[Extracted records]

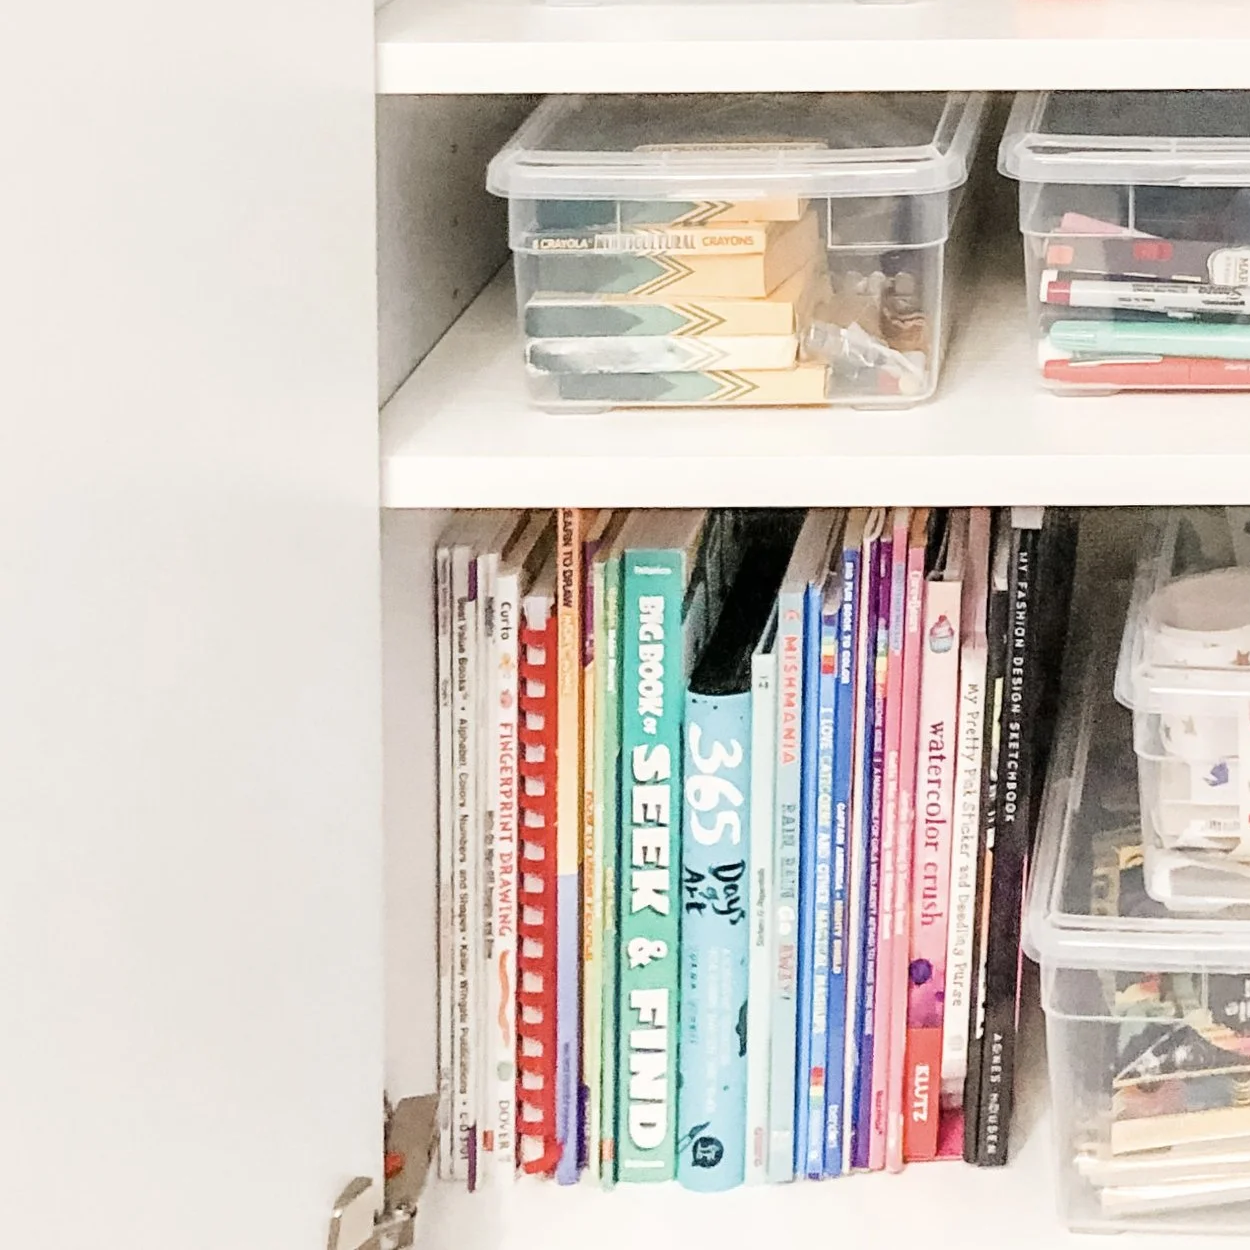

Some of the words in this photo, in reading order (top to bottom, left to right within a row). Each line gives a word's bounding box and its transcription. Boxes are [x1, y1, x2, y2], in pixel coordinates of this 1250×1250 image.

[703, 236, 754, 246] CRAYONS
[562, 551, 573, 568] TO
[844, 562, 854, 580] BIG
[1018, 552, 1028, 571] MY
[562, 570, 574, 608] DRAW
[844, 582, 854, 601] FUN
[500, 602, 512, 640] Curto
[638, 596, 665, 642] BIG
[843, 603, 853, 632] BOOK
[1014, 582, 1028, 648] FASHION
[458, 625, 468, 654] Value
[842, 636, 852, 648] TO
[458, 658, 469, 692] Books
[638, 644, 664, 716] BOOK
[841, 650, 852, 684] COLOR
[1010, 657, 1024, 714] DESIGN
[782, 636, 798, 764] MISHMANIA
[966, 684, 979, 704] My
[642, 717, 658, 735] OF
[820, 718, 832, 748] LOVE
[960, 712, 979, 761] Pretty
[500, 722, 513, 843] FINGERPRINT
[686, 722, 744, 845] 365
[923, 721, 947, 851] watercolor
[962, 769, 978, 797] Pink
[1004, 722, 1020, 822] SKETCHBOOK
[630, 744, 671, 916] SEEK
[836, 802, 846, 844] CAPTAIN
[960, 802, 976, 856] Sticker
[460, 869, 470, 889] and
[817, 863, 830, 904] OTHER
[834, 846, 844, 890] AMERICA
[958, 864, 972, 888] and
[456, 893, 470, 932] Shapes
[499, 853, 512, 937] DRAWING
[684, 866, 707, 918] Art
[710, 860, 747, 926] Days
[920, 862, 942, 926] crush
[778, 905, 796, 936] Go
[952, 894, 970, 956] Doodling
[627, 937, 668, 970] &
[778, 944, 794, 1000] AWAY!
[457, 980, 470, 1023] Wingate
[952, 962, 968, 1007] Purse
[459, 1027, 470, 1094] Publications
[627, 988, 668, 1150] FIND
[990, 1033, 1002, 1084] AGNES
[912, 1064, 930, 1122] KLUTZ
[499, 1100, 510, 1150] DOVER

Aim of the exercise: If an entry contains an image, print the rest of that entry exactly and leave the image out.

Result for this task:
Some of the words in this photo, in reading order (top to bottom, left to right within a row). Each line gives a word's bounding box and its transcription. Boxes are [x1, y1, x2, y2], in pixel coordinates of this 1250×1250 image.

[703, 236, 754, 246] CRAYONS
[562, 551, 573, 568] TO
[844, 562, 854, 580] BIG
[1018, 552, 1028, 571] MY
[562, 570, 574, 608] DRAW
[844, 582, 854, 601] FUN
[500, 602, 512, 640] Curto
[638, 596, 665, 642] BIG
[843, 603, 853, 632] BOOK
[1014, 582, 1028, 648] FASHION
[458, 625, 468, 654] Value
[842, 636, 852, 648] TO
[458, 658, 469, 692] Books
[638, 644, 664, 716] BOOK
[841, 650, 852, 684] COLOR
[1010, 657, 1024, 714] DESIGN
[782, 636, 798, 764] MISHMANIA
[966, 684, 979, 704] My
[642, 717, 658, 735] OF
[820, 718, 832, 748] LOVE
[960, 712, 979, 761] Pretty
[500, 722, 513, 843] FINGERPRINT
[686, 722, 744, 845] 365
[923, 721, 947, 851] watercolor
[962, 769, 978, 797] Pink
[1004, 722, 1020, 822] SKETCHBOOK
[630, 744, 671, 916] SEEK
[836, 802, 846, 844] CAPTAIN
[960, 802, 976, 856] Sticker
[460, 869, 470, 889] and
[817, 863, 830, 904] OTHER
[834, 846, 844, 890] AMERICA
[958, 864, 972, 888] and
[456, 893, 470, 932] Shapes
[499, 853, 512, 937] DRAWING
[684, 866, 707, 918] Art
[710, 860, 747, 926] Days
[920, 862, 942, 926] crush
[778, 905, 796, 936] Go
[952, 894, 970, 956] Doodling
[627, 937, 668, 970] &
[778, 944, 794, 1000] AWAY!
[457, 980, 470, 1023] Wingate
[952, 962, 968, 1007] Purse
[459, 1027, 470, 1094] Publications
[627, 988, 668, 1150] FIND
[990, 1033, 1002, 1084] AGNES
[912, 1064, 930, 1122] KLUTZ
[499, 1100, 510, 1150] DOVER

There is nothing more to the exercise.